Figure 2.

Expression of CXCR4 and/or ACKR3 in transfected CHO cells. CHO cells were transfected with pcDNA3.1/Zeo-CXCR4 and/or pcDNA3-ACKR3 using Effectene and selected with antibiotics. (A) Histograms showing CXCR4 or ACKR3 expression in the final selected colonies. Cells were stained with PE or APC-conjugated antibodies and expression was assessed using flow cytometry (Red = Isotype, blue = antibody) on CHO-CXCR4 (left) and CHO-ACKR3 (middle); and red = isotype for CXCR4, purple = isotype for ACKR3, green = CXCR4, blue = ACKR3 on CHO-CXCR4-ACKR3 (right) cells. (B) Mean fluorescence levels of the transfected CHO cells were determined and compared to several breast cancer cell lines to assess CXCR4 (left) and ACKR3 (right) receptor levels.

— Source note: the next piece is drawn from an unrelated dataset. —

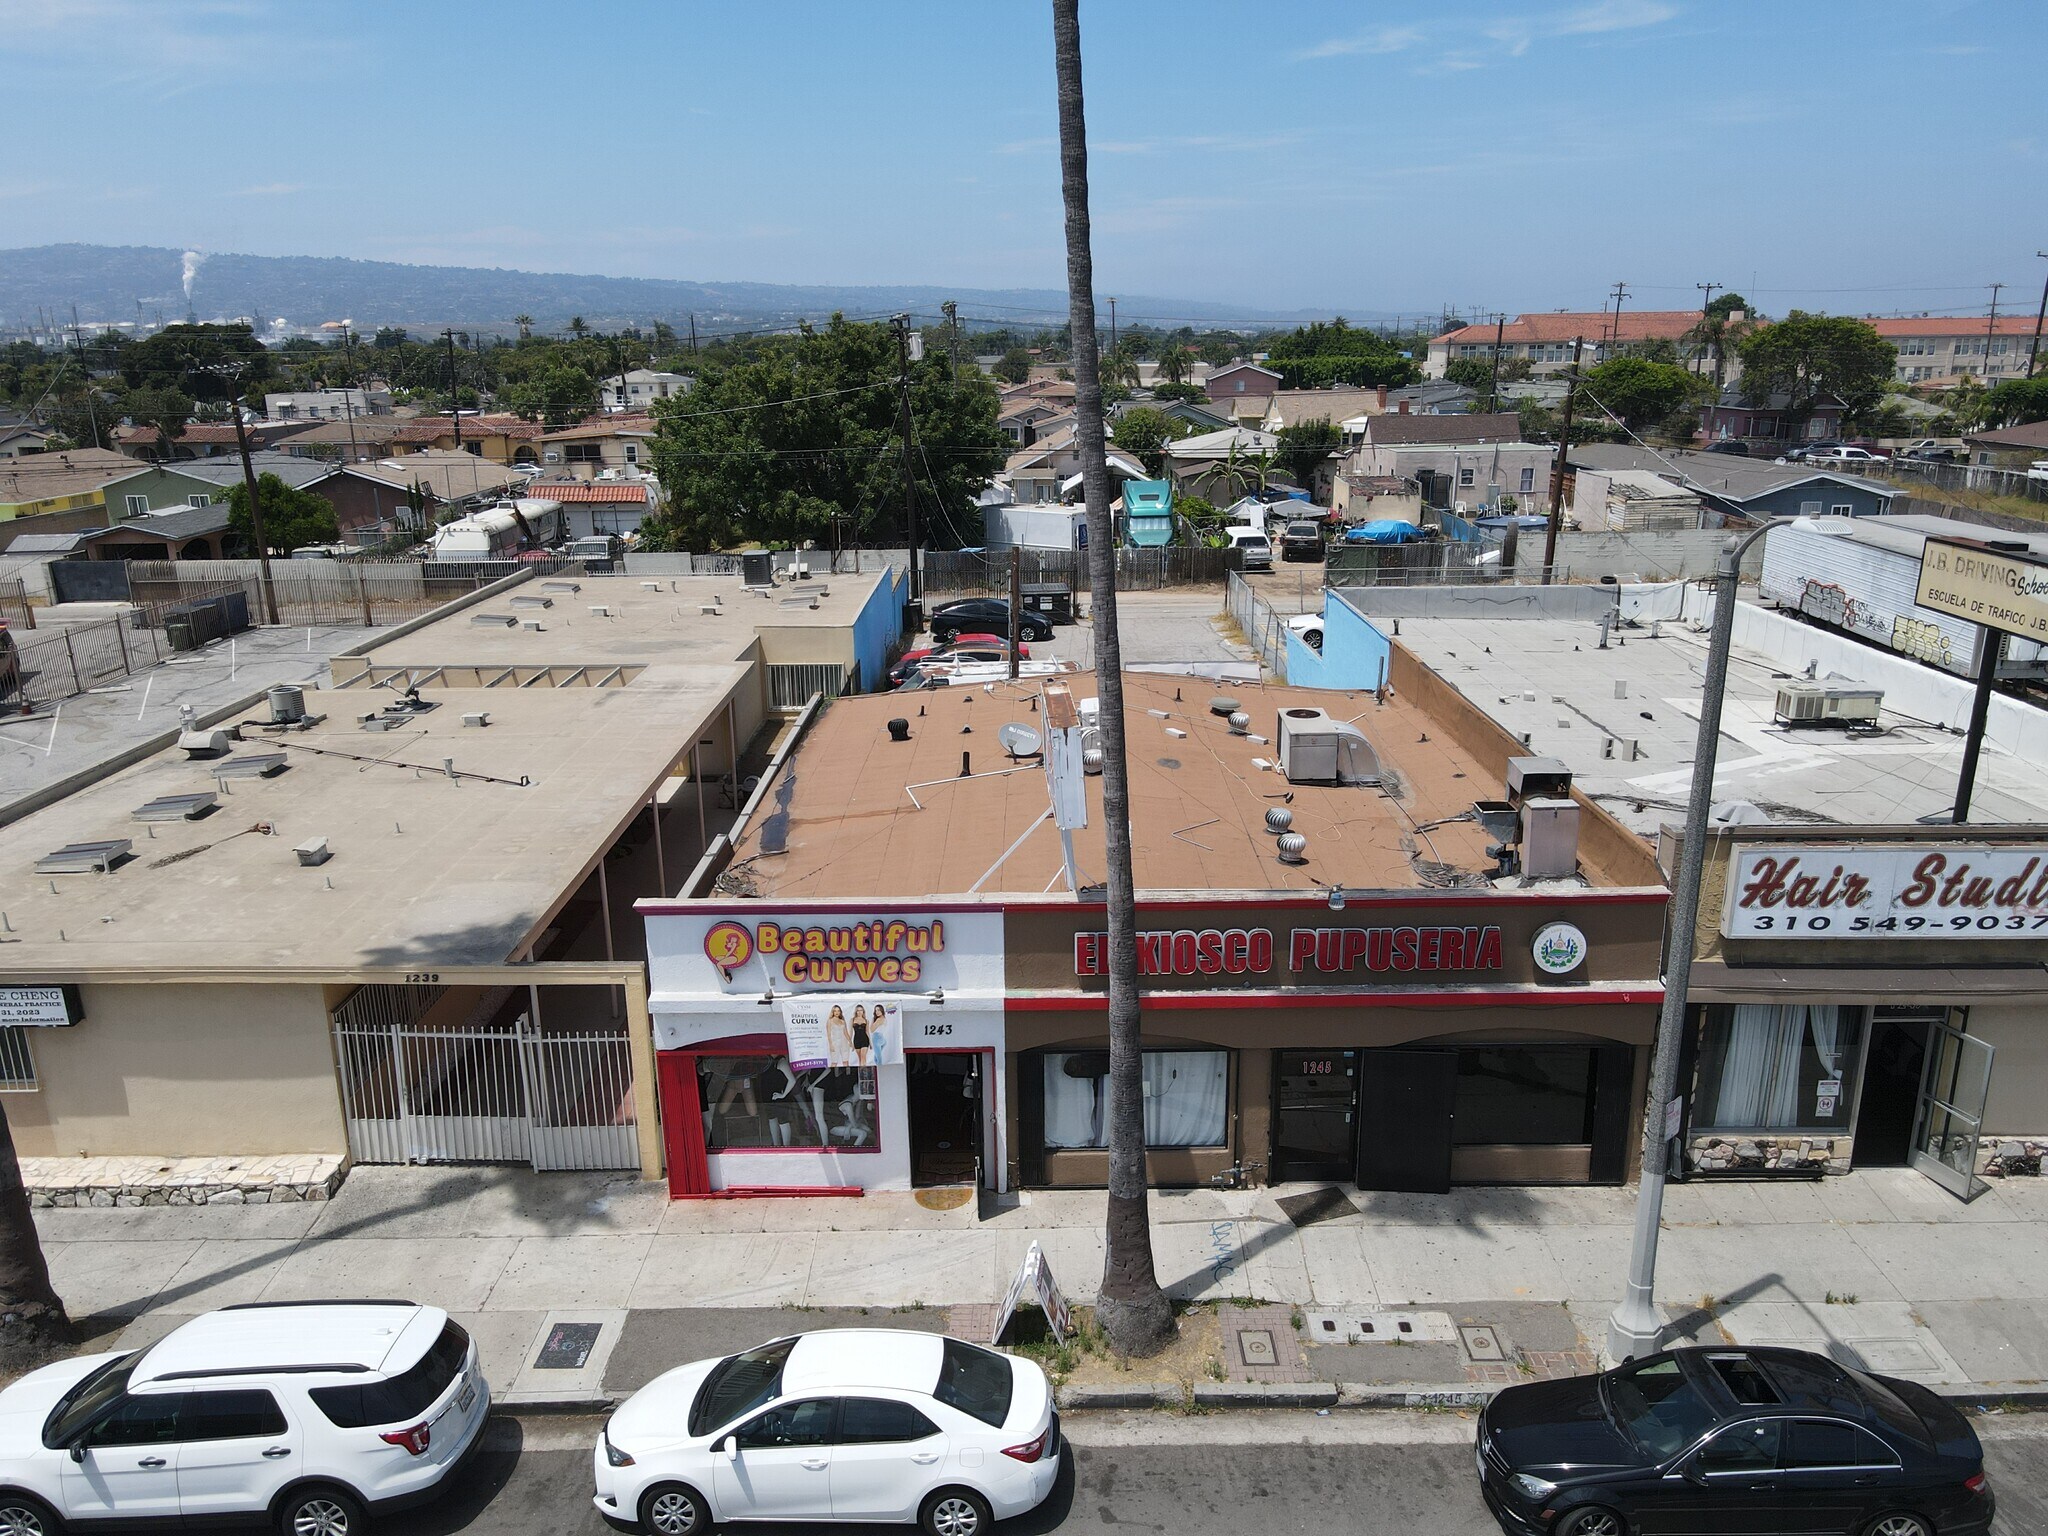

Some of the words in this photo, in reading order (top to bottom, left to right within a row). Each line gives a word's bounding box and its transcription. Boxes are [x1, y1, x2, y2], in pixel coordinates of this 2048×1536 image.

Data represents the mean ± SEM of three independent experiments and statistical significance was calculated using a one way ANOVA (* p < 0.05). (C) Formation of heterodimers was assessed using fluorescence resonance energy transfer (FRET) and quantified through the FRET ratio from APC (the acceptor fluorochrome). Data represents the mean ± SEM of three independent experiments and statistical significance was calculated using a one way ANOVA (* p < 0.05, ** p < 0.01, *** p < 0.001, **** p < 0.0001).